Restate the records in full, so that each line matches the original exactly.

• _Given records_:
# # #
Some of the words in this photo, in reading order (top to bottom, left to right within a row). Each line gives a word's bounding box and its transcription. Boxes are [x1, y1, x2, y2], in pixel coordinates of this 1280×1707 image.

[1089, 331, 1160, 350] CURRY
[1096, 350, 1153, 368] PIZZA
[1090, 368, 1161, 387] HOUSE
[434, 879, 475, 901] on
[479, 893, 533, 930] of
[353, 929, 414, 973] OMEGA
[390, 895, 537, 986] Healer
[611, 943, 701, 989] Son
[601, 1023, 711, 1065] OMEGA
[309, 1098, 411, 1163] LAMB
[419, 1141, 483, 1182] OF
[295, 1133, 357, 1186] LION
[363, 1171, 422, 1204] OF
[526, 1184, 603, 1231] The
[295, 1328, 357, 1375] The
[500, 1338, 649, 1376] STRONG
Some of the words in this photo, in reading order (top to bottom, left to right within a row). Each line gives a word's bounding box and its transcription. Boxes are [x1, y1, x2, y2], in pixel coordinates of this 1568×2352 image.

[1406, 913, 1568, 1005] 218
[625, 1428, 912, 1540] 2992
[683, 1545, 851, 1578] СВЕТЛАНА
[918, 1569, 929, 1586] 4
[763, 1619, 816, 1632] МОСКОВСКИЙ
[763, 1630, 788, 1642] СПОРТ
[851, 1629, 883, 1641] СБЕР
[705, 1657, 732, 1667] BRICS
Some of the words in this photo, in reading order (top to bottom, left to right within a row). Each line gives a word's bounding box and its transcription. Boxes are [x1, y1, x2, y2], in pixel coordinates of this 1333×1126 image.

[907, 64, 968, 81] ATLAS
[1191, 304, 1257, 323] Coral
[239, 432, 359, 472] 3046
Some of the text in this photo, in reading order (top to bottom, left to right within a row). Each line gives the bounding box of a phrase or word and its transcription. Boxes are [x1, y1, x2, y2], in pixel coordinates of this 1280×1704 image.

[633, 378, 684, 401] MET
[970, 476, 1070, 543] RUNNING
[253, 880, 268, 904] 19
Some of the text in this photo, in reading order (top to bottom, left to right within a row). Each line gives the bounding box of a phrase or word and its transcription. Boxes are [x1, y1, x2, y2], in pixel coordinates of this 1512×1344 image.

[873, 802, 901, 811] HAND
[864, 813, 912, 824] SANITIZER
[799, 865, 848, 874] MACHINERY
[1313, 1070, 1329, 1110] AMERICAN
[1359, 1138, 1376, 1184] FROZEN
# # #
• _Result for this task_:
Some of the words in this photo, in reading order (top to bottom, left to right within a row). Each line gives a word's bounding box and its transcription. Boxes are [x1, y1, x2, y2], in pixel coordinates of this 1280×1707 image.

[1089, 331, 1160, 350] CURRY
[1096, 350, 1153, 368] PIZZA
[1090, 368, 1161, 387] HOUSE
[434, 879, 475, 901] on
[479, 893, 533, 930] of
[353, 929, 414, 973] OMEGA
[390, 895, 537, 986] Healer
[611, 943, 701, 989] Son
[601, 1023, 711, 1065] OMEGA
[309, 1098, 411, 1163] LAMB
[419, 1141, 483, 1182] OF
[295, 1133, 357, 1186] LION
[363, 1171, 422, 1204] OF
[526, 1184, 603, 1231] The
[295, 1328, 357, 1375] The
[500, 1338, 649, 1376] STRONG
Some of the words in this photo, in reading order (top to bottom, left to right within a row). Each line gives a word's bounding box and its transcription. Boxes are [x1, y1, x2, y2], in pixel coordinates of this 1568×2352 image.

[1406, 913, 1568, 1005] 218
[625, 1428, 912, 1540] 2992
[683, 1545, 851, 1578] СВЕТЛАНА
[918, 1569, 929, 1586] 4
[763, 1619, 816, 1632] МОСКОВСКИЙ
[763, 1630, 788, 1642] СПОРТ
[851, 1629, 883, 1641] СБЕР
[705, 1657, 732, 1667] BRICS
Some of the words in this photo, in reading order (top to bottom, left to right within a row). Each line gives a word's bounding box and its transcription. Boxes are [x1, y1, x2, y2], in pixel coordinates of this 1333×1126 image.

[907, 64, 968, 81] ATLAS
[1191, 304, 1257, 323] Coral
[239, 432, 359, 472] 3046
Some of the text in this photo, in reading order (top to bottom, left to right within a row). Each line gives the bounding box of a phrase or word and its transcription. Boxes are [x1, y1, x2, y2], in pixel coordinates of this 1280×1704 image.

[633, 378, 684, 401] MET
[970, 476, 1070, 543] RUNNING
[253, 880, 268, 904] 19
Some of the text in this photo, in reading order (top to bottom, left to right within a row). Each line gives the bounding box of a phrase or word and its transcription. Boxes are [x1, y1, x2, y2], in pixel coordinates of this 1512×1344 image.

[873, 802, 901, 811] HAND
[864, 813, 912, 824] SANITIZER
[799, 865, 848, 874] MACHINERY
[1313, 1070, 1329, 1110] AMERICAN
[1359, 1138, 1376, 1184] FROZEN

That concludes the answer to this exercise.